◆ **THE PROBLEM**: Retype the listing below line for line, but only from the line with "this 1600×718 image." down to the line with "Some of the text", inclusive. Pictures stay out.

◆ **MATERIAL TO PROCESS**:
⟨
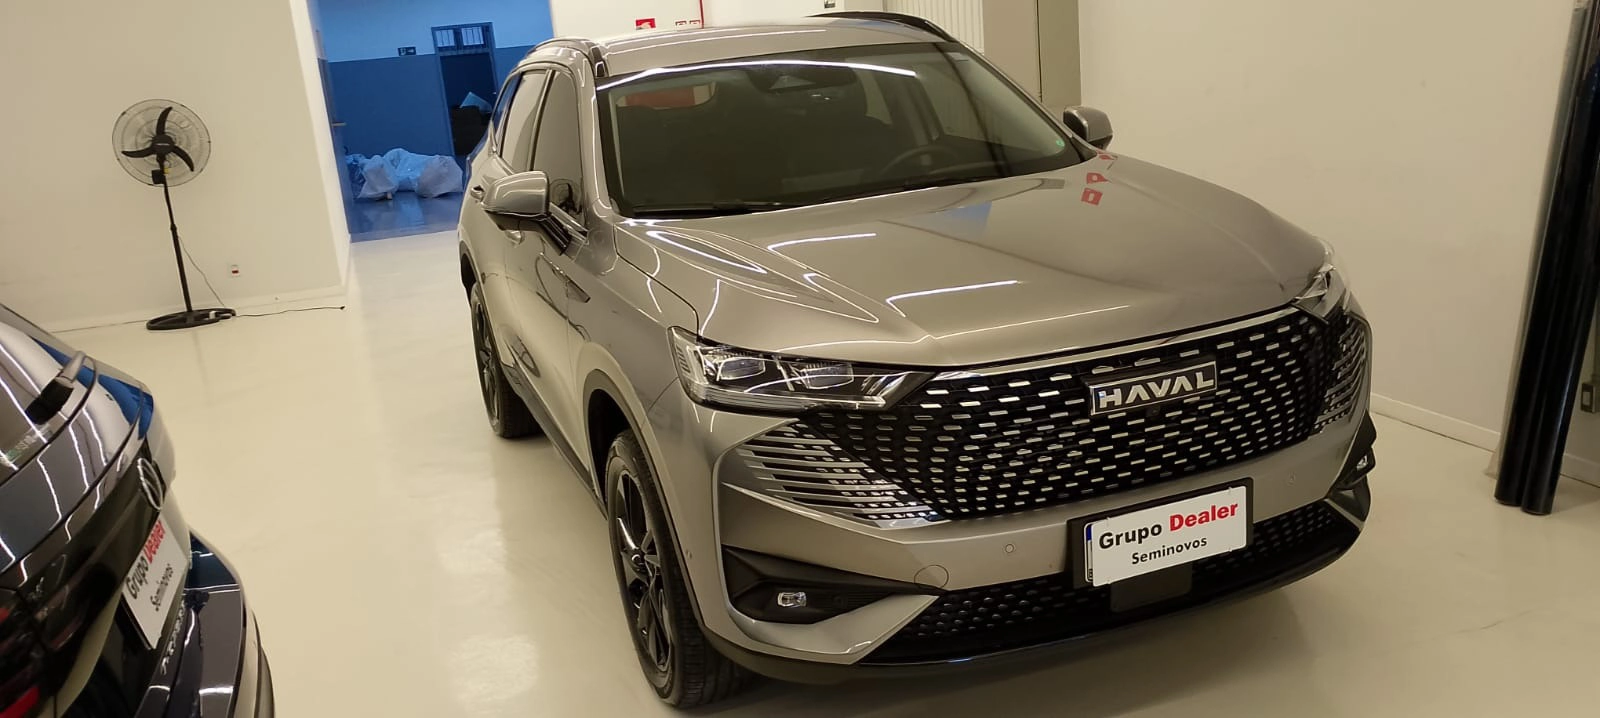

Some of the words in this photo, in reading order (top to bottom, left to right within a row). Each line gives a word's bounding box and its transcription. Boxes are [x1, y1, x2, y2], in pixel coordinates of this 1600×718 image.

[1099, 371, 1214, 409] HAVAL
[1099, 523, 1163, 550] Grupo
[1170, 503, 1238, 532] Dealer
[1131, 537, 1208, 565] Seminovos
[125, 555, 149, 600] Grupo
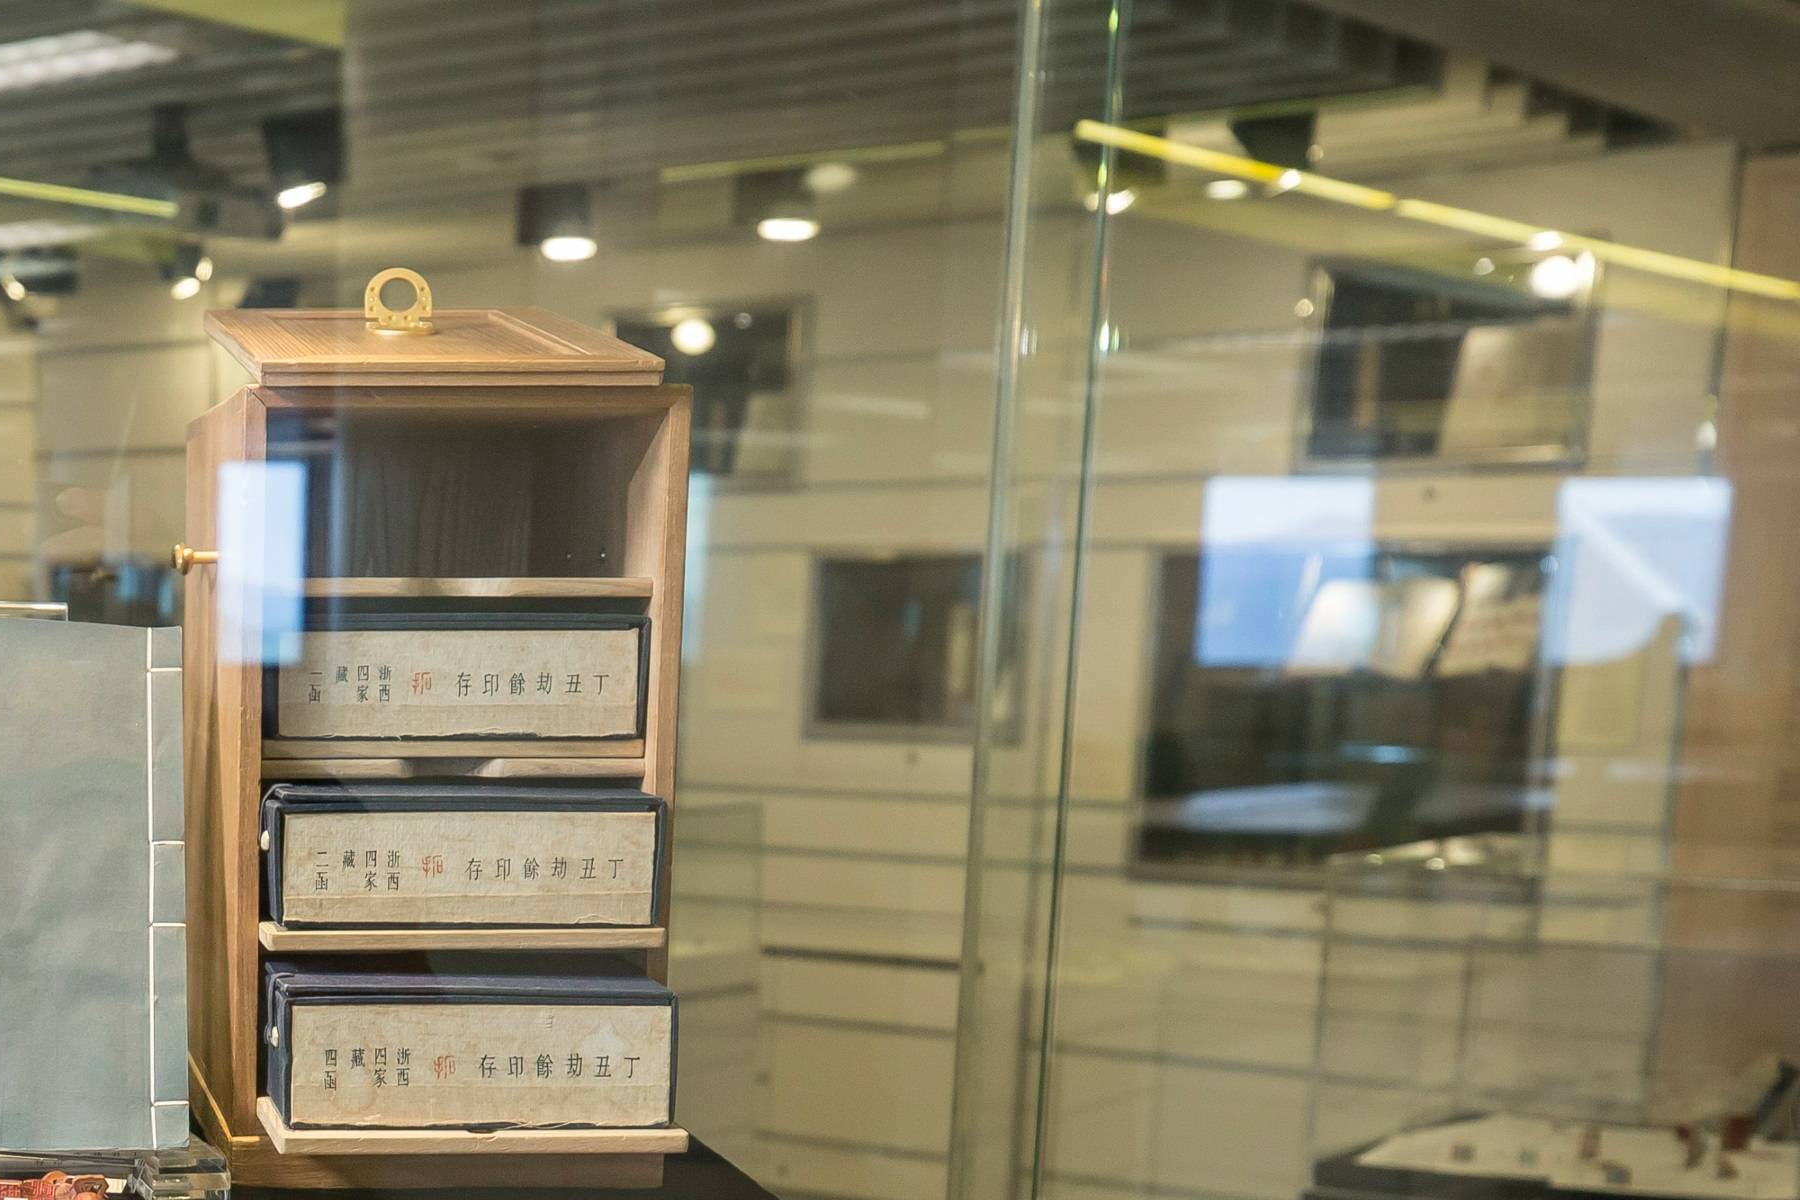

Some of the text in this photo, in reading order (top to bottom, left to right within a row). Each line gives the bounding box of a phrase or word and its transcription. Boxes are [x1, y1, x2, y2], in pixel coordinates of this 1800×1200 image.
⟩
⟨
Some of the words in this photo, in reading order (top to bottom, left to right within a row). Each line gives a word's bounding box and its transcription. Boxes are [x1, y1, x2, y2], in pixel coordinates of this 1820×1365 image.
⟩
◆ **SOLUTION TO THE PROBLEM**:
Some of the words in this photo, in reading order (top to bottom, left to right within a row). Each line gives a word's bounding box and its transcription. Boxes are [x1, y1, x2, y2], in pixel coordinates of this 1600×718 image.

[1099, 371, 1214, 409] HAVAL
[1099, 523, 1163, 550] Grupo
[1170, 503, 1238, 532] Dealer
[1131, 537, 1208, 565] Seminovos
[125, 555, 149, 600] Grupo

Some of the text in this photo, in reading order (top to bottom, left to right within a row). Each line gives the bounding box of a phrase or word and its transcription. Boxes are [x1, y1, x2, y2], in pixel coordinates of this 1800×1200 image.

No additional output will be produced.